10. Un procedimiento de detección de la presencia o nivel de expresión de proepirregulina humana en una muestra biológica in vitro que comprende poner en contacto la muestra biológica con el anticuerpo de una cualquiera de las reivindicaciones 1-5 y detectar la presencia del anticuerpo unido.

11. El procedimiento de la reivindicación 10, en el que la detección es por inmunohistoquímica, inmunofluorescencia o inmunotransferencia.

12. El procedimiento de las reivindicaciones 10 u 11, en el que la muestra biológica comprende un tejido fijado, en el que el tejido fijado es un tejido incluido en parafina.

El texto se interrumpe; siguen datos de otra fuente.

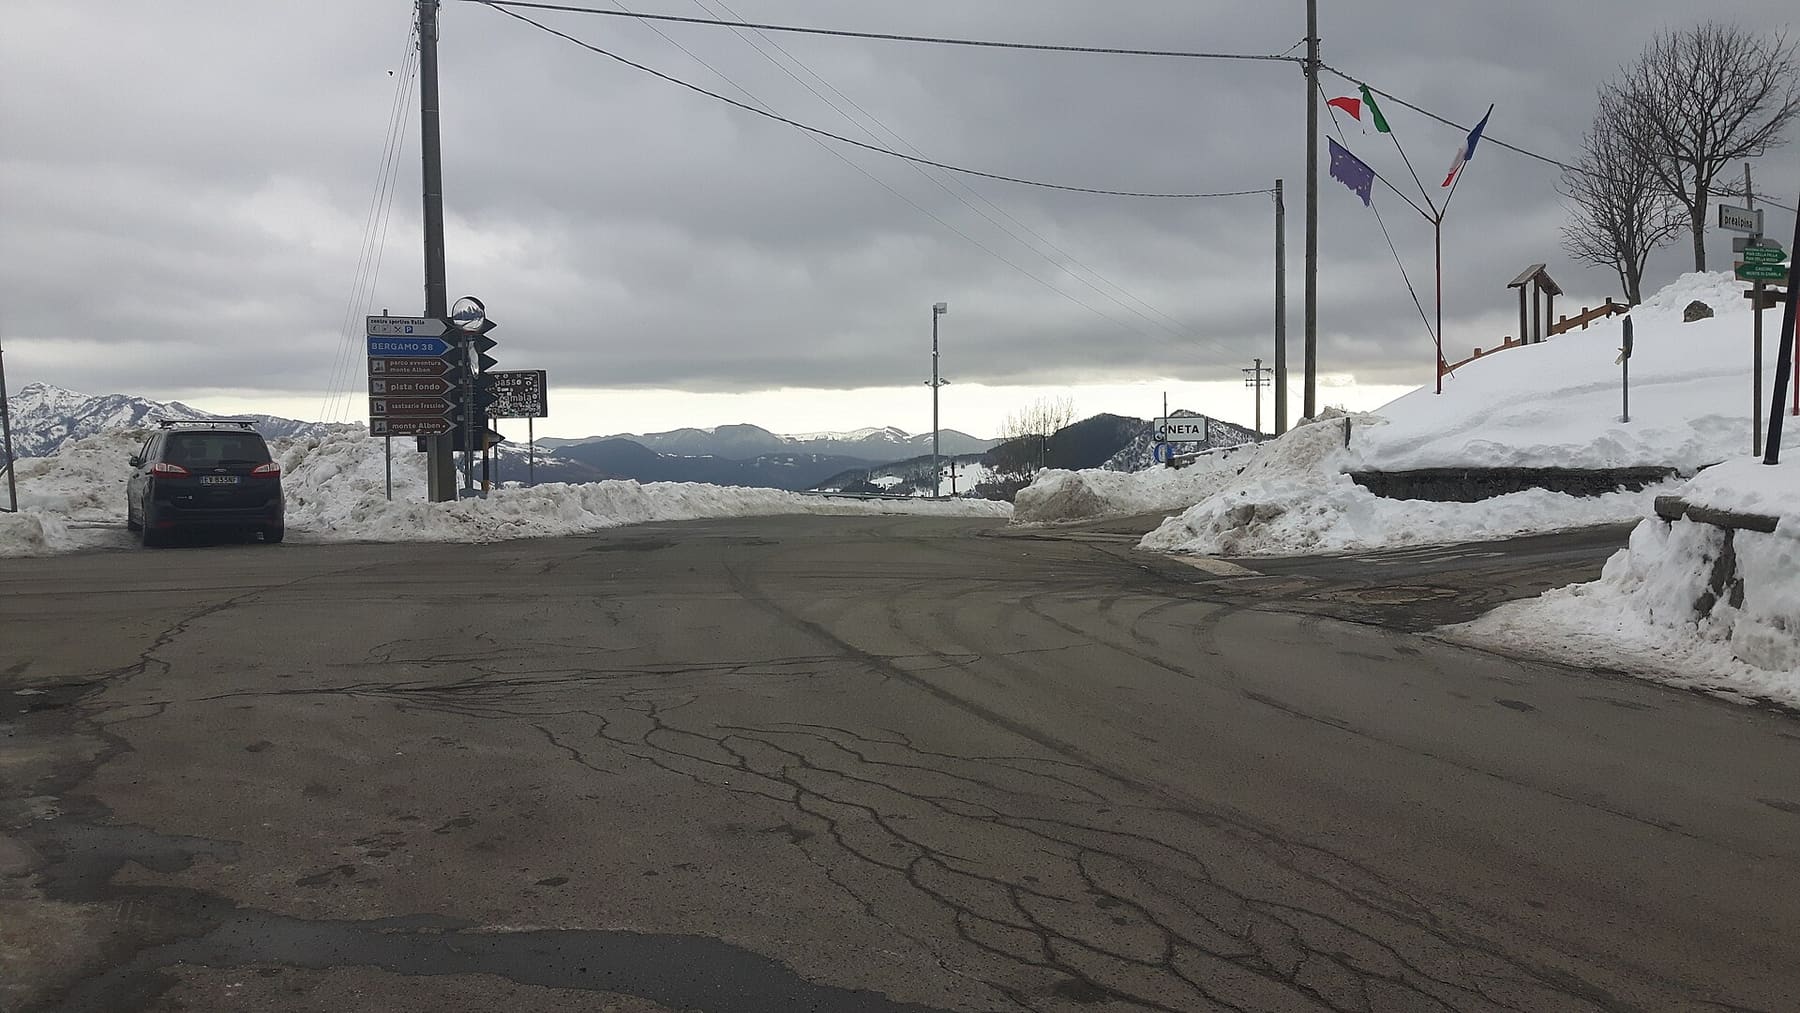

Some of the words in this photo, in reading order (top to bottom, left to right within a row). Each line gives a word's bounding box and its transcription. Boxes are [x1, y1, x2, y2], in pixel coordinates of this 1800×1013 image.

13. El procedimiento de una cualquiera de las reivindicaciones 10-12, en el que la muestra biológica es de un sujeto que tiene o predispuesto a cáncer o enfermedad autoinmunitaria, opcionalmente en el que el cáncer es cáncer de colon, cáncer de mama o cáncer de pulmón.

14. Un distribuidor para un teñidor de portaobjetos automatizado que comprende una solución que comprende el anticuerpo de cualquiera de las reivindicaciones 1-5.

15. Un kit que comprende un anticuerpo de acuerdo con cualquiera de las reivindicaciones 1-5 o un distribuidor de acuerdo con la reivindicación 14.